What it seems to boil down to is what kind of music will be played there, with the paying public flocking to Day's clubs after they get a look at Prince's more "spiritual," but no less sexual, material. (There's a lot of talk about "spiritual" values, but little evidence of it in action; at one point Prince even strikes a pose resembling Christ on the cross.)

Eventually, the story builds to a "battle of the bands" to decide which direction the club will take, but the film runs out of steam well before that disappointing "battle."

As in Prince's other films, women are treated here as nothing more than sex objects, often wearing very revealing costumes, including newcomer Ingrid Chavez as Aura, who is apparently an angel.

She spends most of her time writing bad poetry beneath a rock bridge covered with graffiti on what is very obviously a movie set. Her early appearances in the film are as a vision in the eyes of the Kid. When she appears in the flesh it is at first to Day, who takes her to one of his clubs and gets her drunk, then takes her home to take advantage of her. But the Kid rescues her and she eventually helps him realize his dreams.

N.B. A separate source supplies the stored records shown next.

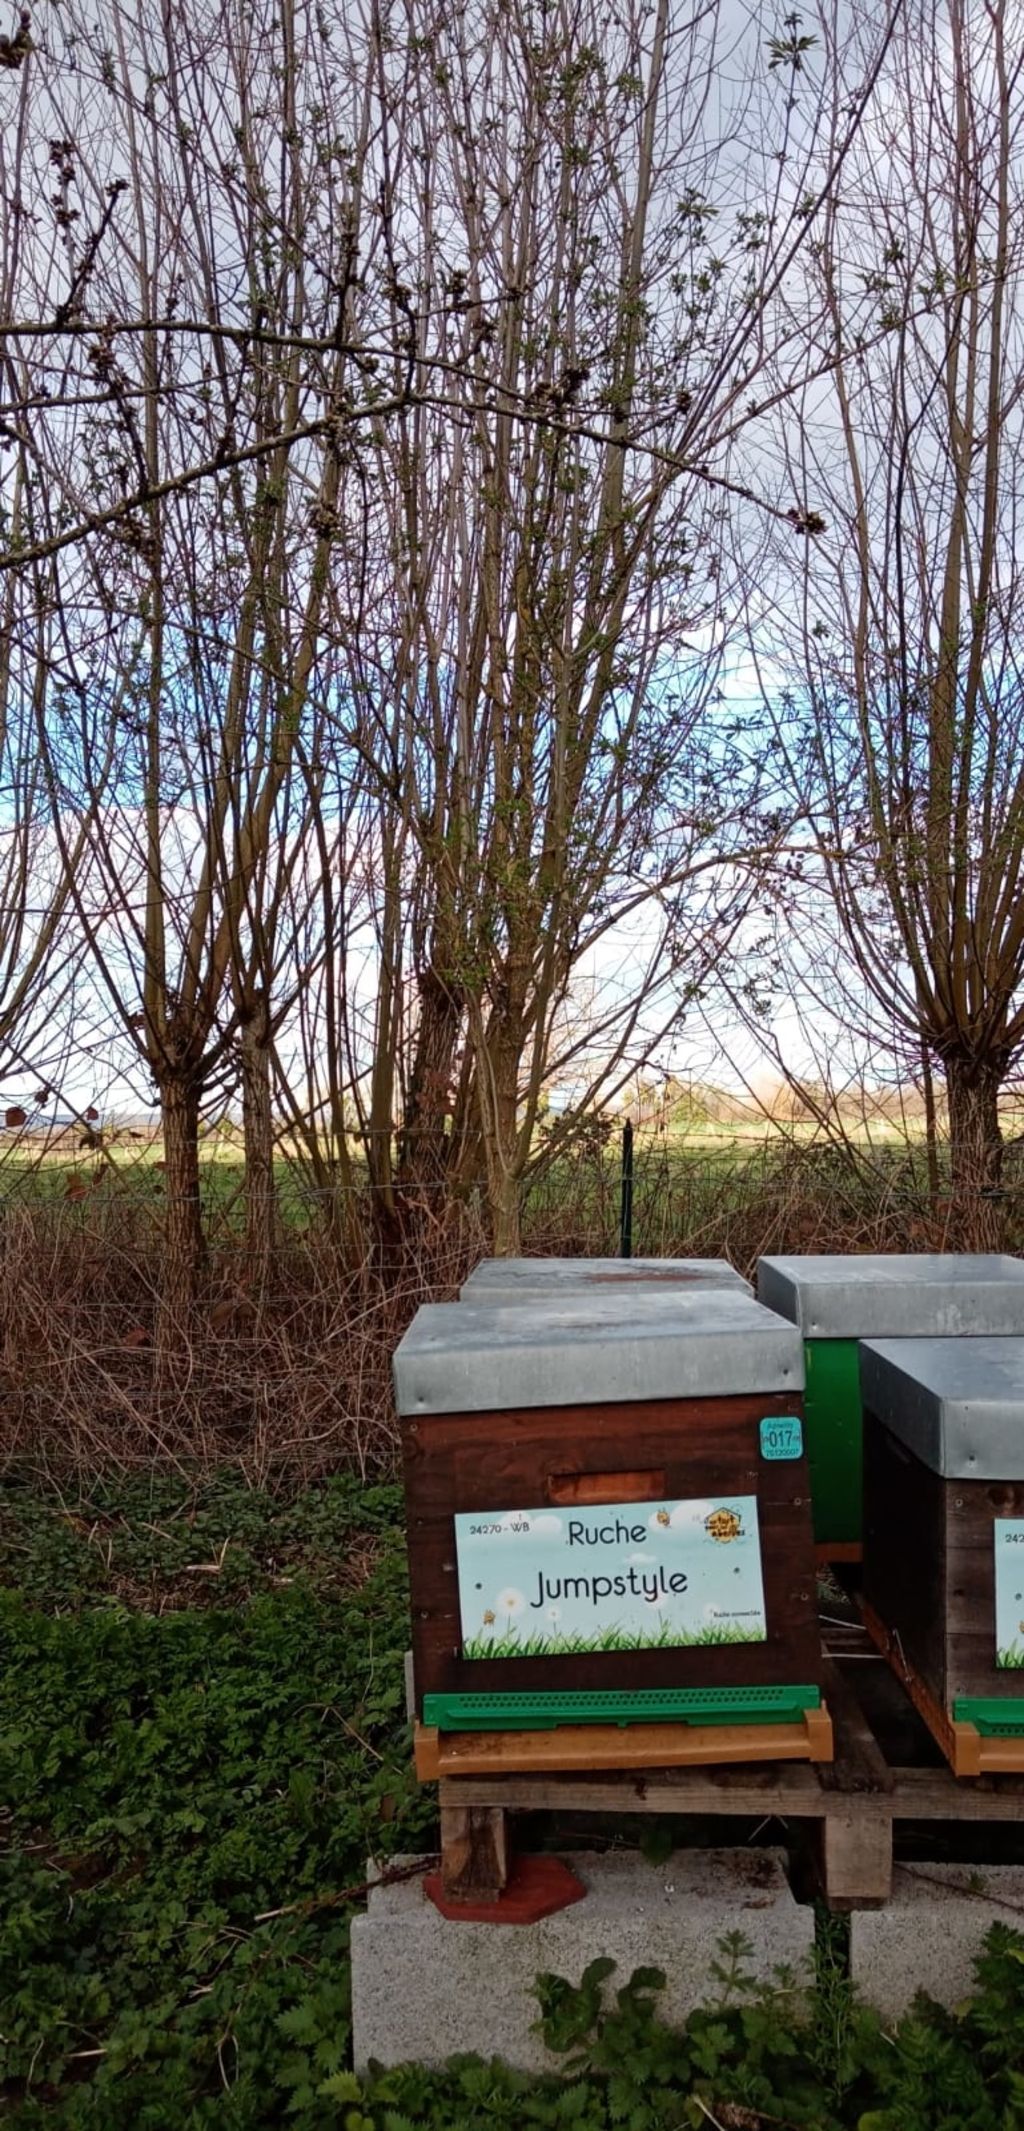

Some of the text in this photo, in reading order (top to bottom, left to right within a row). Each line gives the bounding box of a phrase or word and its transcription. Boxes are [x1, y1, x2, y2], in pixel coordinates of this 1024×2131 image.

[769, 1430, 792, 1448] 017
[470, 1525, 502, 1535] 24270
[512, 1522, 530, 1533] WB
[568, 1520, 647, 1546] Ruche
[530, 1566, 688, 1608] Jumpstyle

Needless to say, this story is more than a little ridiculous, told in a dreamlike state of confusion, with brief snippets of narrative dialogue in between lavish musical numbers.

The music is the thing, of course, with inventive sets, lively choreography and some good songs - music critics have hailed the "Graffiti Bridge" album as Prince's best work in some time. But a 90-minute music video gets old fast; as a movie "Graffiti Bridge" leaves much to be desired.

Fans are advised to spend their money on the album instead.

"Graffiti Bridge" is rated PG-13 but is raunchy enough to be in R territory, with sex, partial nudity, profanity, vulgarity and violence.